Place the oil in a large pot on a gentle heat. Add in the paste you have just made and bring up to a gentle heat for four–five minutes, adding the coconut water and the curry leaves, the fish sauce and stirring until a smooth liquid. Add in the chopped tomatoes and aubergine; cook for five minutes.
Add in the chilli, salmon and mussels and place the lid on. Cook for a further five minutes. Add in the zest and juice of the lime and stir. Make sure that all mussels are cleaned well and they close when tapped; discard any that are cracked. Only serve the mussels which have opened.
THAI GREEN CURRY – CHICKEN
450g chicken breast
600ml coconut milk
For the curry paste:
8 green chillies
1 stalk lemon grass (sliced thinly and soaked in lime juice for 30mins)
1 tablesp lime peel, grated
1 tea spoon fresh ginger, grated
1 teaspoon coriander, chopped
½ teaspoon roasted ground cumin
3 garlic cloves (crushed or thinly chopped)
5 shallots, sliced thinly
1 teaspoon shrimp paste
For the sauce:
3 table spoons of Thai fish sauce or light soy sauce
1 teaspoon brown/palm sugar
3 tablespoons green peppercorns
30g thai basil leaves, shredded
Up to 1 red chilli, thinly sliced, de–seeded
Make the paste old style – pestle and mortar – or in a food processor, ensuring that the mix is smooth and consistent.
Slice the chicken breasts in long thin strips and cook in rapeseed oil. Cook on both sides until cooked through, about five minutes – do not brown.

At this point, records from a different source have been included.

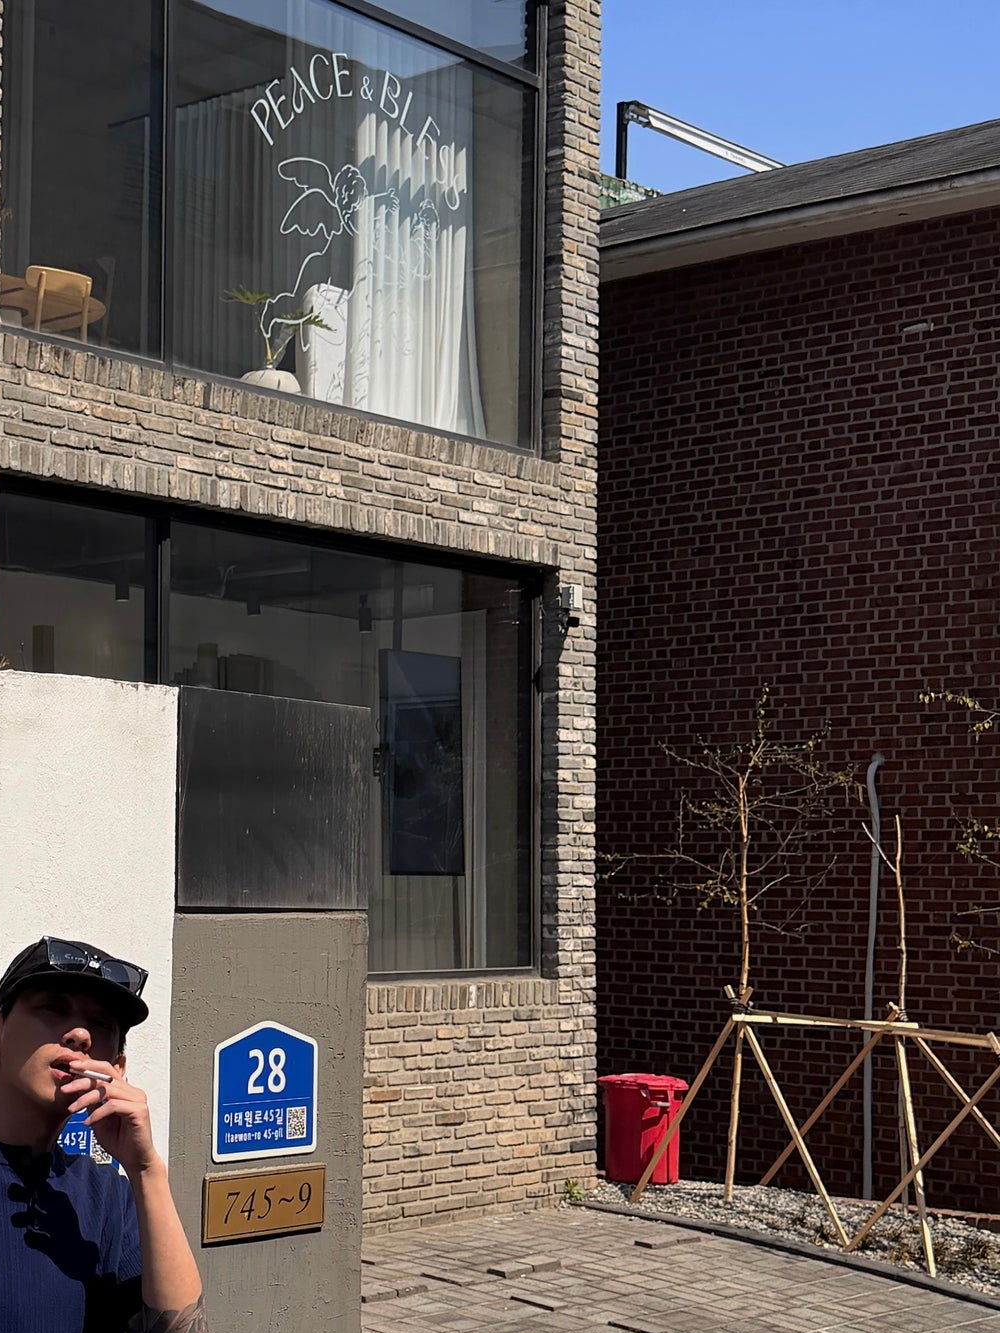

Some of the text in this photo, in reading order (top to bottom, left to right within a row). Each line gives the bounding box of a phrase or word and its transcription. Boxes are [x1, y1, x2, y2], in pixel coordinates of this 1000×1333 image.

[250, 53, 353, 146] PEACE
[360, 75, 374, 102] &
[247, 1047, 286, 1094] 28
[223, 1107, 284, 1128] 이태원로45길
[263, 1127, 284, 1140] 45-gil
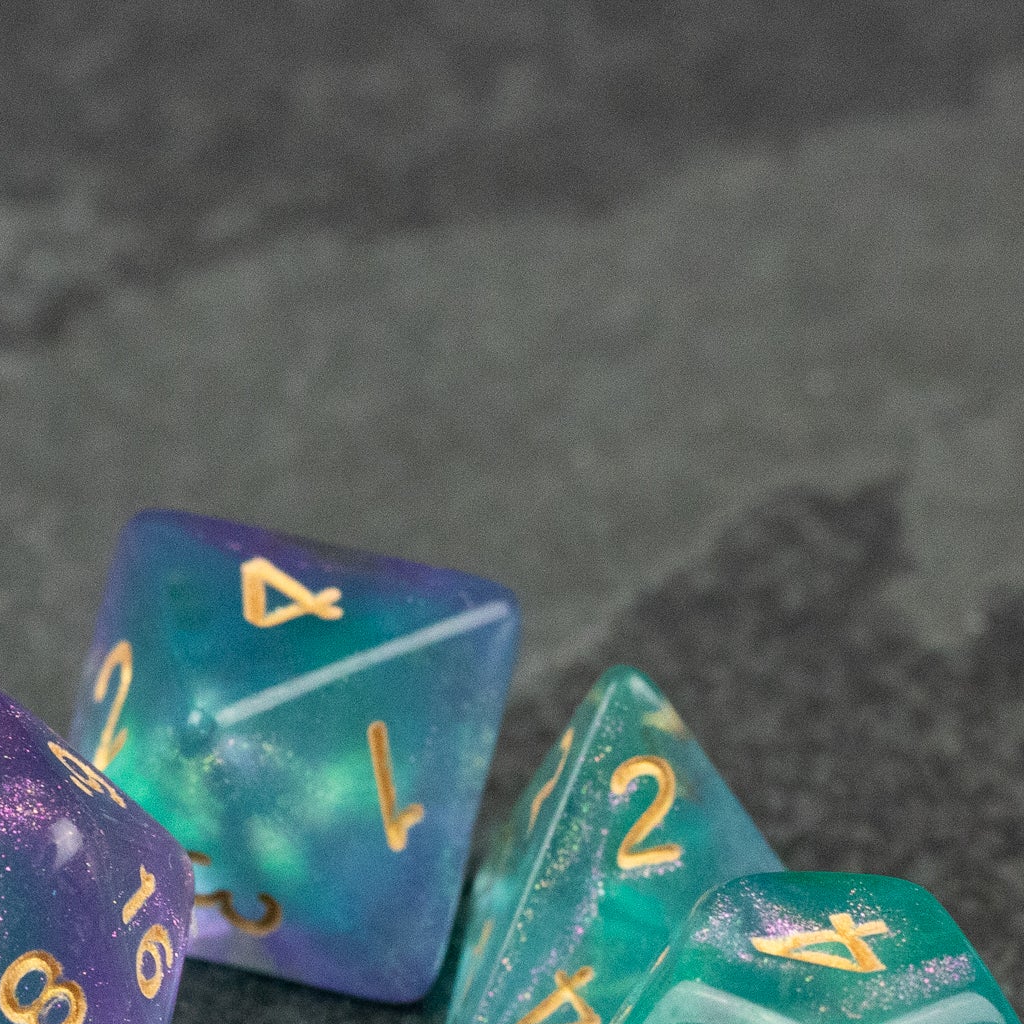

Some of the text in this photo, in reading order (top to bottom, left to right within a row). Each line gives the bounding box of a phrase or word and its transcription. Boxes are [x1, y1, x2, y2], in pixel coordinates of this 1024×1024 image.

[240, 557, 344, 628] 4
[94, 640, 134, 772] 2
[368, 720, 425, 853] 1
[611, 755, 683, 870] 2
[122, 864, 173, 999] 16
[751, 913, 890, 973] 4
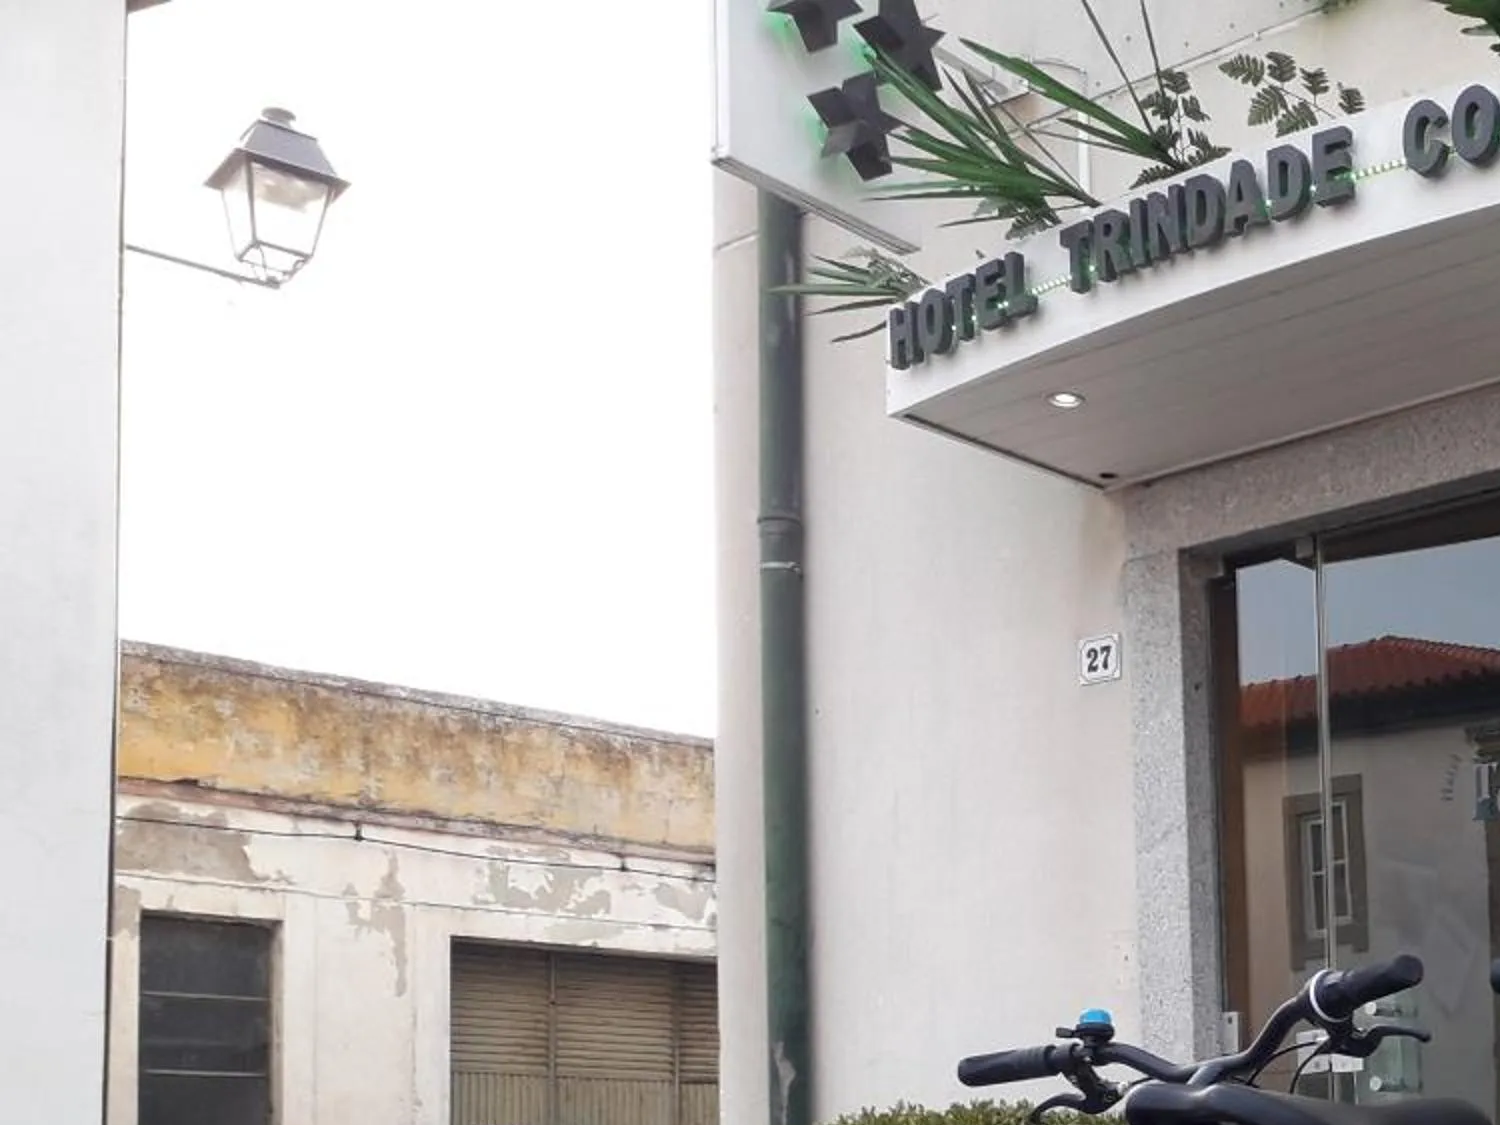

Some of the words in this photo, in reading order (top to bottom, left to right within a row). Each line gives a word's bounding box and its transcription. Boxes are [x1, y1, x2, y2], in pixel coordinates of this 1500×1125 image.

[889, 251, 1038, 370] HOTEL
[1059, 125, 1357, 295] TRINDADE
[1086, 645, 1112, 673] 27
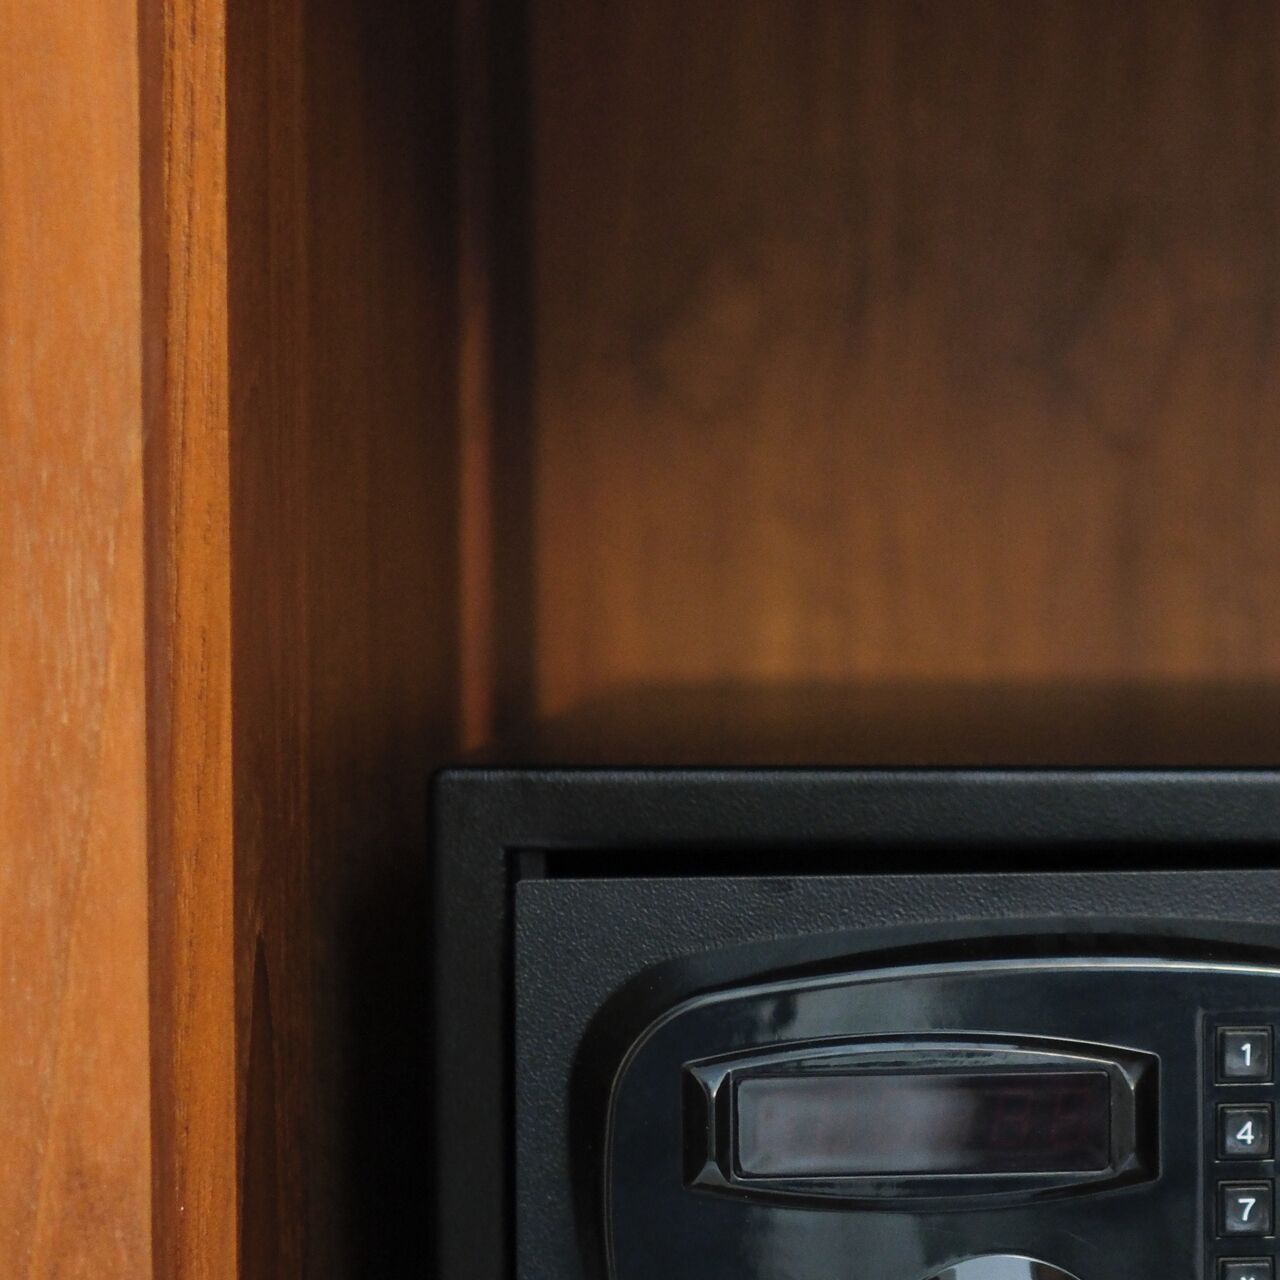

Place a wok on high heat; add the coconut milk and let this boil up and when splitting/curdling start to add in the fish/soy sauce, curry paste, peppercorns and the chicken. Simmer for 30 minutes on a medium heat, stirring.
Before serving, add the chopped leaves and herbs and add chilli to taste. If it becomes too spicy, add more coconut milk. Serve with Jasmine or steamed rice.
If you have curry paste left over, cover in oil and refrigerate in an airtight container.